Em lugar de negar-lhes a história,
faríamos melhor se ouvíssemos
as história que têm para contar.
Recentemente ganhei uma máquina fotográfica nova aqui na missão. Por isso, um amigo me provocou: “Aí na África tem muitos bichos legais. Você tem que começar a postar fotos dos leões e elefantes também”. Decidi na hora que precisamos falar sobre isso.
O questionamento me despertou para dois pontos importantes. Primeiro, o conceito de que em todo lugar da África existem grandes feras selvagens prontas a comer o que aparecer pela frente – especialmente pessoas. E, segundo, a ideia de que a África é um lugar só. Um pequeno país cheio de animais e gente sem roupa.
Para começar, minha escolha por tirar e postar fotos de pessoas não acontece apenas porque eu acredito que elas são a melhor maneira de expressar a real beleza do local que vivo mas, também, porque não tive, em 10 meses, absolutamente nenhum contato com algum animal “legal”. Isso mesmo. Sinto decepcionar, mas não vi nenhum leão, nenhum elefante e muito menos uma girafa ou uma zebra.
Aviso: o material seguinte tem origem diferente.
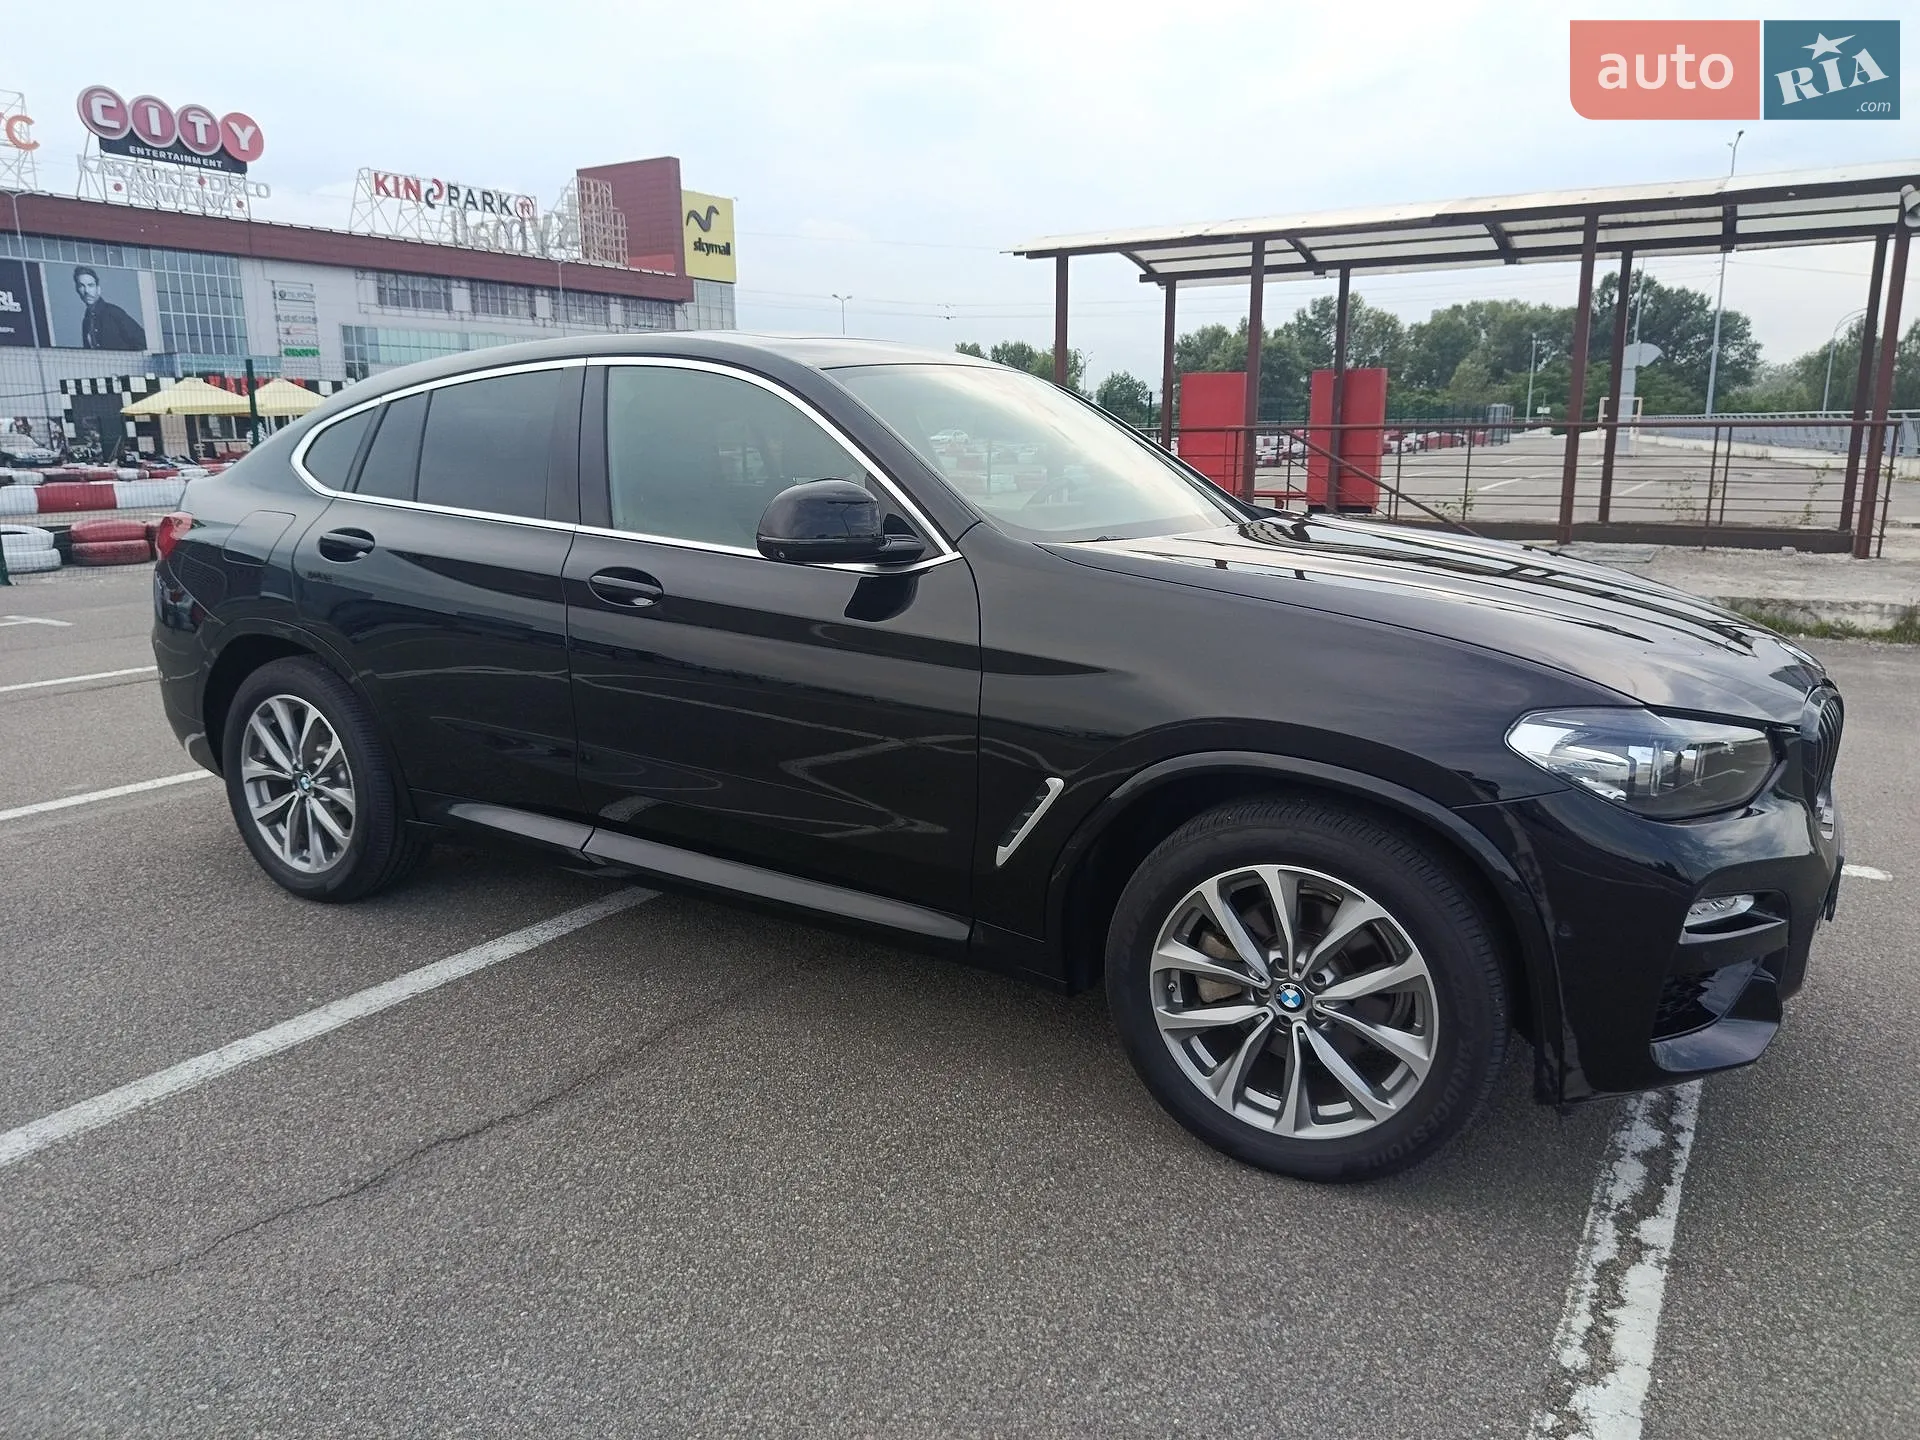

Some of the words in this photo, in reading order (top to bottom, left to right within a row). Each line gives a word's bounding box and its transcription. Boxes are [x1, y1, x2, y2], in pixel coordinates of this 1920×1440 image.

[90, 94, 257, 153] CITY
[128, 144, 224, 169] ENTERTAINMENT
[693, 237, 732, 257] skymall
Nem sequer um crocodilo ou uma cobra maior que 30cm.
Além disso, precisamos lembrar que a África é um continente imenso, com 54 países e, assim como o continente americano ou o europeu, possui uma vasta variedade de tradições, idiomas, culturas, climas, vegetações, povos e realidades.
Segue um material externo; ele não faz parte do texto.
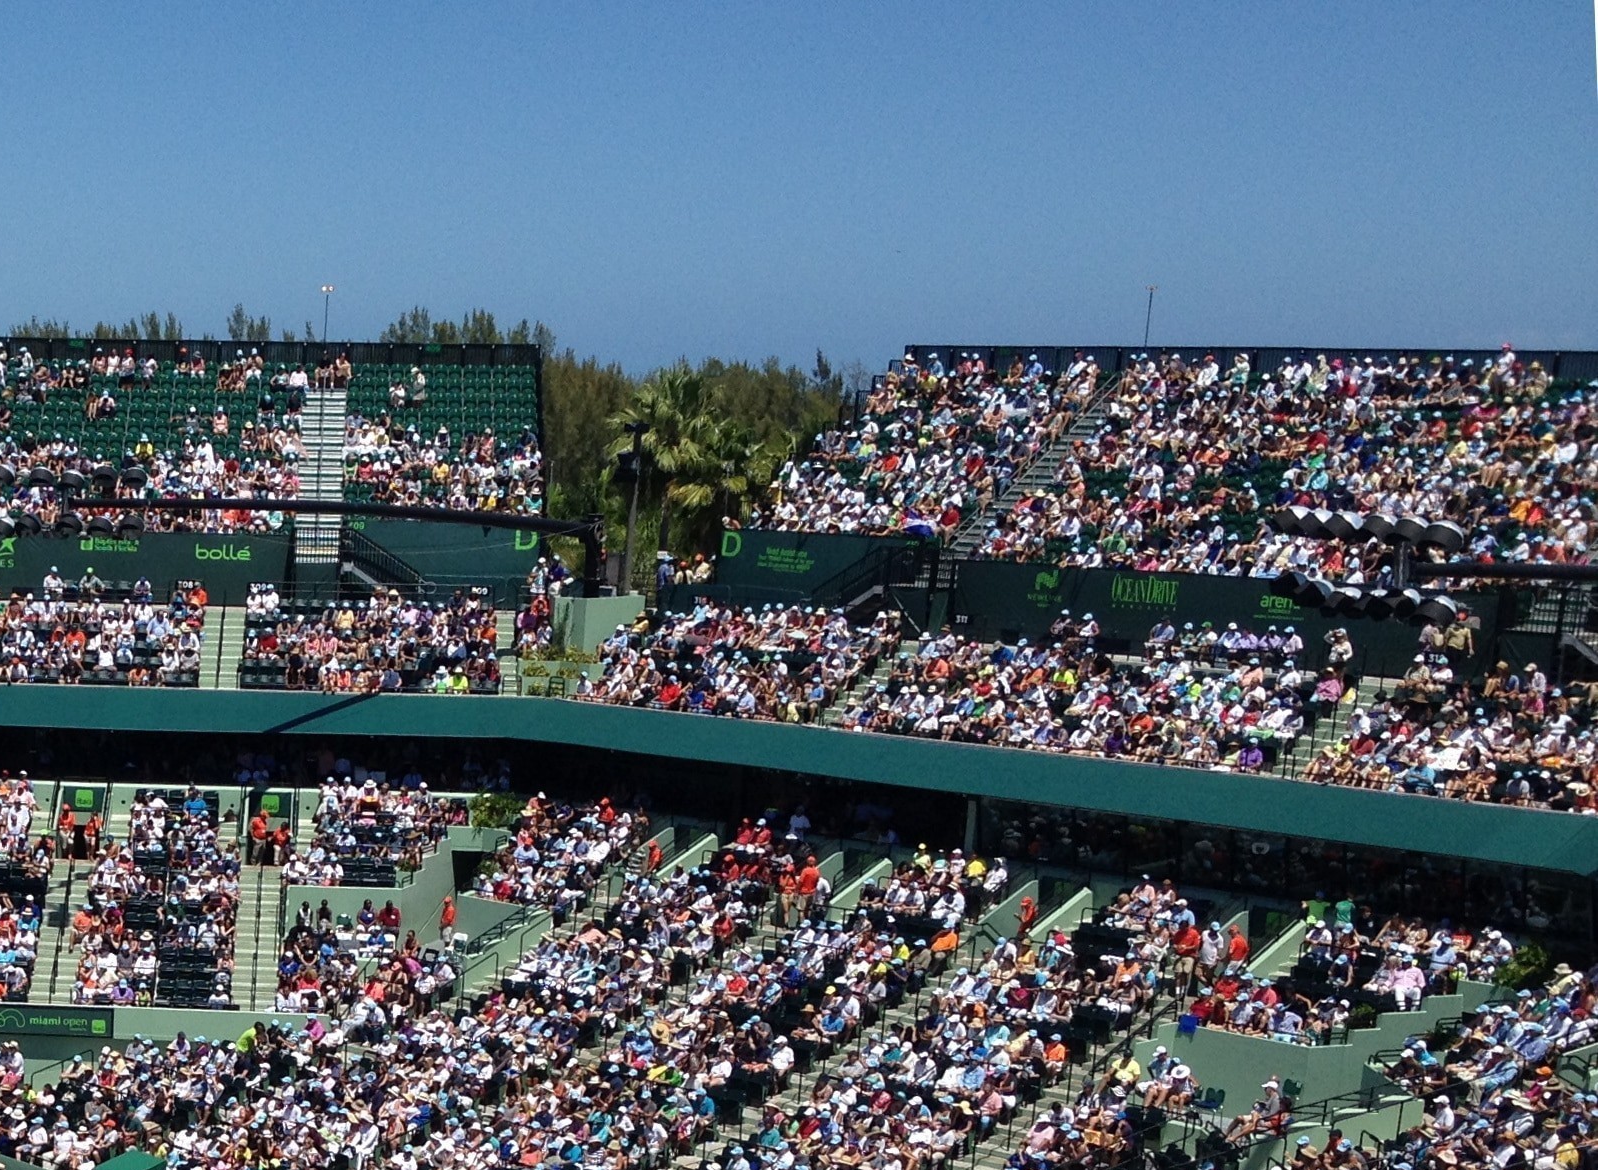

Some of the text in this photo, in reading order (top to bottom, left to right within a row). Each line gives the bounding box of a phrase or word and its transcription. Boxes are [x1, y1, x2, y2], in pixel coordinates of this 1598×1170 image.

[722, 531, 742, 557] D
[195, 544, 251, 561] bollé
[1259, 595, 1300, 609] aren
[29, 1016, 62, 1026] miami
[62, 1018, 88, 1029] open
Temos que concordar que falar de qualquer coisa em relação a África neste tom reducionista é como resumir a América pelos Estados Unidos.
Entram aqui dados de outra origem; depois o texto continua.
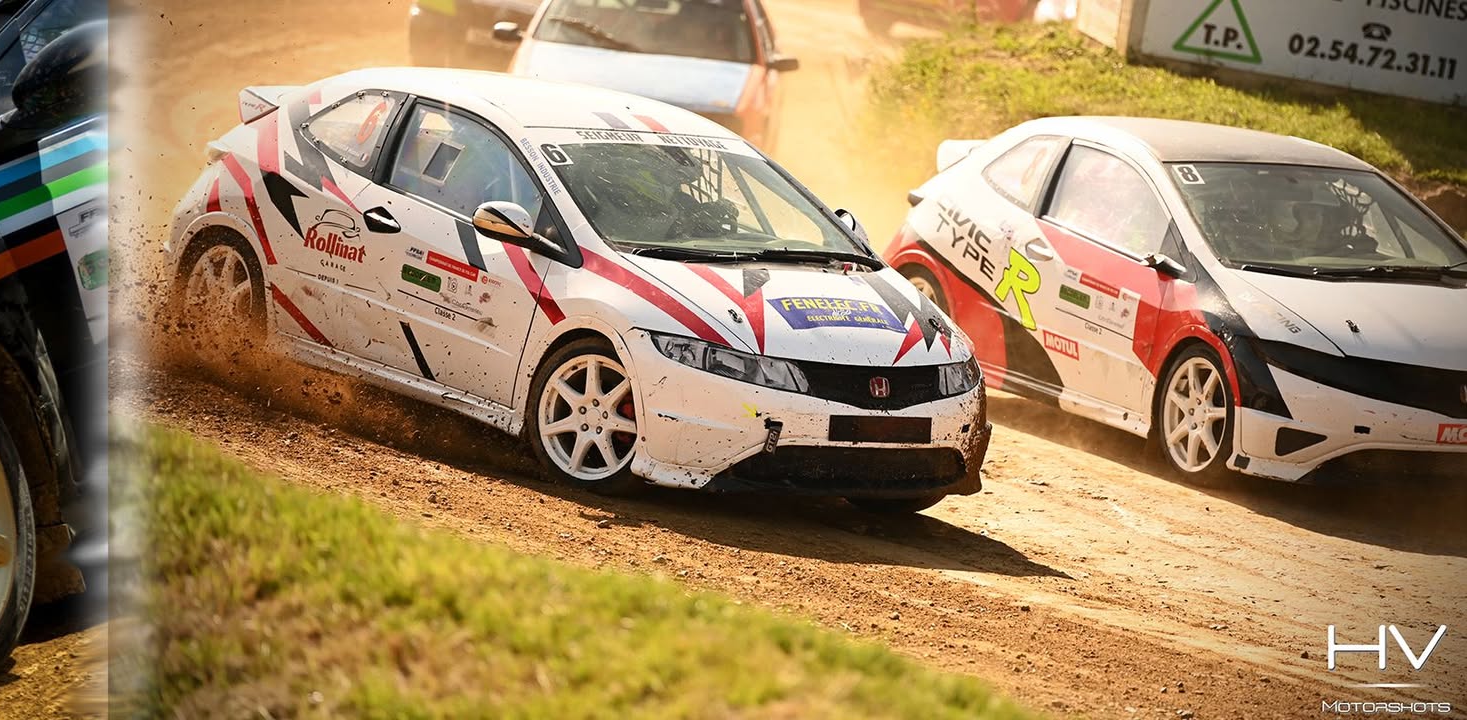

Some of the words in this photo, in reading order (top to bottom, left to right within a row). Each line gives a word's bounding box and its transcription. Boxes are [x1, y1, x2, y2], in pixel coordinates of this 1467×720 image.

[1204, 24, 1243, 49] T.P.
[1288, 34, 1457, 80] 02.54.72.31.11
[520, 138, 538, 162] BESSON
[537, 162, 561, 195] INDUSTRIE
[540, 143, 568, 164] 6
[1177, 166, 1199, 182] 8
[303, 226, 366, 264] Rollinat
[937, 213, 996, 282] TYPE
[994, 247, 1042, 331] R
[435, 307, 452, 320] Classe
[452, 313, 457, 321] 2
[1045, 332, 1079, 357] MOTUL
Sem conhecer muito, baseados naquilo que nossos livros de história nos apresentaram, muitas vezes falamos de cultura africana sem perceber que, na realidade, não existe uma cultura única na África – ainda bem, porque é tanta riqueza em cada uma delas, que muita coisa se perderia se fosse assim! Quando você percebe que na realidade são mais de 1 bilhão de pessoas e cerca de 3 mil grupos étnicos, não dá para imaginar muita uniformidade.
Acontece que a África (o continente!) nos foi (im)posta como um lugar tão distante e tão impossível de chegar – e também tão desinteressante -, que toda a má reputação que ganhou ainda é muito viva em nós. Visualizamos em nossas mentes apenas um lugar sem conserto, tomado pela miséria, onde corvos aguardam a morte de crianças para devorá-las.
Não posso negar que muitas pessoas ainda morrem por falta de comida, medicamentos e água em muitos lugares do continente. Mas a África não vive só de pobreza, safaris e tambores.
Em Moçambique, uma pequena porção da Terra-Mãe, convivemos com um povo que não cansa de trabalhar e lutar por uma vida melhor, seja nos grandes centros ou nos distritos do interior, nas pequenas propriedades rurais familiares ou nas grandes empresas (estrangeiras). Por aqui, em muitos lugares já chegou a energia, o computador, a internet e até o Facebook. Em outros, é claro, a televisão ainda é novidade e carro é coisa para criança curiosa correr atrás.
No local onde vivo, norte de Moçambique, os recursos são realmente poucos. Mas isso não acontece porque é um lugar esquecido ou castigado por Deus.
A precariedade na alimentação, na saúde, na educação e na habitação aqui é resultado de um sistema corrupto, que vende medicamentos já pagos com recursos estrangeiros e literalmente come multas de trânsito, impostos e contribuições sociais.
Apesar disso, sabemos que o trabalho diário de cada moçambicano é regado pelo sonho e pela crença de um país melhor. A esperança é o grande ânimo deste povo, em um contexto de mudanças rápidas, cheio de inovações e estranhezas de uma África cheia de novidades e diferenças.